> [DIRECTIONS FOR THIS TASK] For each line of the material below, give that line again word for word.

INPUT RECORDS Start Marker

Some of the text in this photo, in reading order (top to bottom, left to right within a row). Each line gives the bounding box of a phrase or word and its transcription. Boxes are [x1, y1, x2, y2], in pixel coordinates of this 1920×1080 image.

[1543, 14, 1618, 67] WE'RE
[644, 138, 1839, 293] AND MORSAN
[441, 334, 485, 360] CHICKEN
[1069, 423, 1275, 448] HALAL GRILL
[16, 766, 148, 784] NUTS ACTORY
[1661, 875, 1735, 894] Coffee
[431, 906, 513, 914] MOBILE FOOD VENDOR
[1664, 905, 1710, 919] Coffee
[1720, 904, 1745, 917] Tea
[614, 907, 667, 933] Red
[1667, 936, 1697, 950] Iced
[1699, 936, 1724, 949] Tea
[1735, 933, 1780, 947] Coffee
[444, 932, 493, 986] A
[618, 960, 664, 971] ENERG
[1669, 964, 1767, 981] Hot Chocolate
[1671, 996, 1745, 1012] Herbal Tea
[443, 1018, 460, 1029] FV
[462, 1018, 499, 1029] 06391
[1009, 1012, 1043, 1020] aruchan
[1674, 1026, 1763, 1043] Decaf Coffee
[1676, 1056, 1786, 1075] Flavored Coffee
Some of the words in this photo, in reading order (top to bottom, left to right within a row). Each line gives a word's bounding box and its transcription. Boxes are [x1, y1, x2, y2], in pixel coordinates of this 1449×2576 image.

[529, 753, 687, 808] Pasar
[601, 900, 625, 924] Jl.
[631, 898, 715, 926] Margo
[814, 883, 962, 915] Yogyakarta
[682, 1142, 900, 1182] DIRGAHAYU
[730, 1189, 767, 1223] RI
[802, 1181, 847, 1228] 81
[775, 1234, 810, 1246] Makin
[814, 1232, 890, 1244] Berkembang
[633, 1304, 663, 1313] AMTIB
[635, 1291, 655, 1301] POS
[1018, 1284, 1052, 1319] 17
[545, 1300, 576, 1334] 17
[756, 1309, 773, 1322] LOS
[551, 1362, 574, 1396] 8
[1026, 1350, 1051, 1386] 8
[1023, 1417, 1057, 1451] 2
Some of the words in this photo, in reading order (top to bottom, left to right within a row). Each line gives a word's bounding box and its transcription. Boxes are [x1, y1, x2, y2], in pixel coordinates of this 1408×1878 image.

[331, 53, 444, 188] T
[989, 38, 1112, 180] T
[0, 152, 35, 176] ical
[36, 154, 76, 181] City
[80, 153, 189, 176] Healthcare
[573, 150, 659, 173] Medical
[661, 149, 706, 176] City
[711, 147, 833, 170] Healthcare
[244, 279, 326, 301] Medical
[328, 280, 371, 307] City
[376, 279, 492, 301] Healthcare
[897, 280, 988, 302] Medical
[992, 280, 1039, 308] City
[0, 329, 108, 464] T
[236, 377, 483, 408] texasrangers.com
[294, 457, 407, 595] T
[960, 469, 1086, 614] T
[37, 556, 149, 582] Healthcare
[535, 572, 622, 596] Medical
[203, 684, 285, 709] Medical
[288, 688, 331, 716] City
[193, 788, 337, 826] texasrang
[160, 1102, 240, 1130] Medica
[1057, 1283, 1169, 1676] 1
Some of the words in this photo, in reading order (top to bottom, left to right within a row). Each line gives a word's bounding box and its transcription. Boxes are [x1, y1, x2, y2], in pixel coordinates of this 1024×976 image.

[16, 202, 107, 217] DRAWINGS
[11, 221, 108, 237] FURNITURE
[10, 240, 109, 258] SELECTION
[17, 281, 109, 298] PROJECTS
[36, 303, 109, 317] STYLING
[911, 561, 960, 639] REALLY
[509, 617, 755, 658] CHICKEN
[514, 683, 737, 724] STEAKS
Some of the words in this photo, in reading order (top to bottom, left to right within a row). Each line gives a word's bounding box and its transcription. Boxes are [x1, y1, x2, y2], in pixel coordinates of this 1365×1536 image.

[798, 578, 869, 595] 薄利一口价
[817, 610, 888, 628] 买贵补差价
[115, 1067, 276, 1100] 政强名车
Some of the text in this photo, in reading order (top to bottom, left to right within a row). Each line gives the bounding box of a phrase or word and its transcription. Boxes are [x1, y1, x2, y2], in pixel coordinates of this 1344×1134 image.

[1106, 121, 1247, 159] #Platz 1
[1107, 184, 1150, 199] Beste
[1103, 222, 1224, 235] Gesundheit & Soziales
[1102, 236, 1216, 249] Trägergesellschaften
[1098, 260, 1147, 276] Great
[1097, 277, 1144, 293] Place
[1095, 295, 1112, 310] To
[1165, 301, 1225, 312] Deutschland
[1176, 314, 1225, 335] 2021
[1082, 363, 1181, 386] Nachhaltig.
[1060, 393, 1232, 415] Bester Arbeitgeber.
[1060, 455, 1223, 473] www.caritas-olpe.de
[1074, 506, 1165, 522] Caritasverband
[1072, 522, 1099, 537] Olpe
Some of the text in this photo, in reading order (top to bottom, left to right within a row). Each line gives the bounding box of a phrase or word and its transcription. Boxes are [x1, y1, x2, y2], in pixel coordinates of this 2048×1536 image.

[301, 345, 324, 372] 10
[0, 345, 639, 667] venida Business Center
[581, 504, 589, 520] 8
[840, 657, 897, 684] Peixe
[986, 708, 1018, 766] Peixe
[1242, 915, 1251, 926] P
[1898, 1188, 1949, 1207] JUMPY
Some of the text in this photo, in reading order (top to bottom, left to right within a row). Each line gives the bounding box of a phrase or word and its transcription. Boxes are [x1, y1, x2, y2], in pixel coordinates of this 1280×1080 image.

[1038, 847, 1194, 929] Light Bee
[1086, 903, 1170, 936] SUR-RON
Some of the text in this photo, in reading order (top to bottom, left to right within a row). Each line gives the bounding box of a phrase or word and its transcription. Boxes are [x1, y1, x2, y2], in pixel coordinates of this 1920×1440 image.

INPUT RECORDS End Marker

> [ANSWER FOR THE TASK]
Some of the text in this photo, in reading order (top to bottom, left to right within a row). Each line gives the bounding box of a phrase or word and its transcription. Boxes are [x1, y1, x2, y2], in pixel coordinates of this 1920×1080 image.

[1543, 14, 1618, 67] WE'RE
[644, 138, 1839, 293] AND MORSAN
[441, 334, 485, 360] CHICKEN
[1069, 423, 1275, 448] HALAL GRILL
[16, 766, 148, 784] NUTS ACTORY
[1661, 875, 1735, 894] Coffee
[431, 906, 513, 914] MOBILE FOOD VENDOR
[1664, 905, 1710, 919] Coffee
[1720, 904, 1745, 917] Tea
[614, 907, 667, 933] Red
[1667, 936, 1697, 950] Iced
[1699, 936, 1724, 949] Tea
[1735, 933, 1780, 947] Coffee
[444, 932, 493, 986] A
[618, 960, 664, 971] ENERG
[1669, 964, 1767, 981] Hot Chocolate
[1671, 996, 1745, 1012] Herbal Tea
[443, 1018, 460, 1029] FV
[462, 1018, 499, 1029] 06391
[1009, 1012, 1043, 1020] aruchan
[1674, 1026, 1763, 1043] Decaf Coffee
[1676, 1056, 1786, 1075] Flavored Coffee
Some of the words in this photo, in reading order (top to bottom, left to right within a row). Each line gives a word's bounding box and its transcription. Boxes are [x1, y1, x2, y2], in pixel coordinates of this 1449×2576 image.

[529, 753, 687, 808] Pasar
[601, 900, 625, 924] Jl.
[631, 898, 715, 926] Margo
[814, 883, 962, 915] Yogyakarta
[682, 1142, 900, 1182] DIRGAHAYU
[730, 1189, 767, 1223] RI
[802, 1181, 847, 1228] 81
[775, 1234, 810, 1246] Makin
[814, 1232, 890, 1244] Berkembang
[633, 1304, 663, 1313] AMTIB
[635, 1291, 655, 1301] POS
[1018, 1284, 1052, 1319] 17
[545, 1300, 576, 1334] 17
[756, 1309, 773, 1322] LOS
[551, 1362, 574, 1396] 8
[1026, 1350, 1051, 1386] 8
[1023, 1417, 1057, 1451] 2
Some of the words in this photo, in reading order (top to bottom, left to right within a row). Each line gives a word's bounding box and its transcription. Boxes are [x1, y1, x2, y2], in pixel coordinates of this 1408×1878 image.

[331, 53, 444, 188] T
[989, 38, 1112, 180] T
[0, 152, 35, 176] ical
[36, 154, 76, 181] City
[80, 153, 189, 176] Healthcare
[573, 150, 659, 173] Medical
[661, 149, 706, 176] City
[711, 147, 833, 170] Healthcare
[244, 279, 326, 301] Medical
[328, 280, 371, 307] City
[376, 279, 492, 301] Healthcare
[897, 280, 988, 302] Medical
[992, 280, 1039, 308] City
[0, 329, 108, 464] T
[236, 377, 483, 408] texasrangers.com
[294, 457, 407, 595] T
[960, 469, 1086, 614] T
[37, 556, 149, 582] Healthcare
[535, 572, 622, 596] Medical
[203, 684, 285, 709] Medical
[288, 688, 331, 716] City
[193, 788, 337, 826] texasrang
[160, 1102, 240, 1130] Medica
[1057, 1283, 1169, 1676] 1
Some of the words in this photo, in reading order (top to bottom, left to right within a row). Each line gives a word's bounding box and its transcription. Boxes are [x1, y1, x2, y2], in pixel coordinates of this 1024×976 image.

[16, 202, 107, 217] DRAWINGS
[11, 221, 108, 237] FURNITURE
[10, 240, 109, 258] SELECTION
[17, 281, 109, 298] PROJECTS
[36, 303, 109, 317] STYLING
[911, 561, 960, 639] REALLY
[509, 617, 755, 658] CHICKEN
[514, 683, 737, 724] STEAKS
Some of the words in this photo, in reading order (top to bottom, left to right within a row). Each line gives a word's bounding box and its transcription. Boxes are [x1, y1, x2, y2], in pixel coordinates of this 1365×1536 image.

[798, 578, 869, 595] 薄利一口价
[817, 610, 888, 628] 买贵补差价
[115, 1067, 276, 1100] 政强名车
Some of the text in this photo, in reading order (top to bottom, left to right within a row). Each line gives the bounding box of a phrase or word and its transcription. Boxes are [x1, y1, x2, y2], in pixel coordinates of this 1344×1134 image.

[1106, 121, 1247, 159] #Platz 1
[1107, 184, 1150, 199] Beste
[1103, 222, 1224, 235] Gesundheit & Soziales
[1102, 236, 1216, 249] Trägergesellschaften
[1098, 260, 1147, 276] Great
[1097, 277, 1144, 293] Place
[1095, 295, 1112, 310] To
[1165, 301, 1225, 312] Deutschland
[1176, 314, 1225, 335] 2021
[1082, 363, 1181, 386] Nachhaltig.
[1060, 393, 1232, 415] Bester Arbeitgeber.
[1060, 455, 1223, 473] www.caritas-olpe.de
[1074, 506, 1165, 522] Caritasverband
[1072, 522, 1099, 537] Olpe
Some of the text in this photo, in reading order (top to bottom, left to right within a row). Each line gives the bounding box of a phrase or word and its transcription. Boxes are [x1, y1, x2, y2], in pixel coordinates of this 2048×1536 image.

[301, 345, 324, 372] 10
[0, 345, 639, 667] venida Business Center
[581, 504, 589, 520] 8
[840, 657, 897, 684] Peixe
[986, 708, 1018, 766] Peixe
[1242, 915, 1251, 926] P
[1898, 1188, 1949, 1207] JUMPY
Some of the text in this photo, in reading order (top to bottom, left to right within a row). Each line gives the bounding box of a phrase or word and its transcription. Boxes are [x1, y1, x2, y2], in pixel coordinates of this 1280×1080 image.

[1038, 847, 1194, 929] Light Bee
[1086, 903, 1170, 936] SUR-RON
Some of the text in this photo, in reading order (top to bottom, left to right within a row). Each line gives the bounding box of a phrase or word and its transcription. Boxes are [x1, y1, x2, y2], in pixel coordinates of this 1920×1440 image.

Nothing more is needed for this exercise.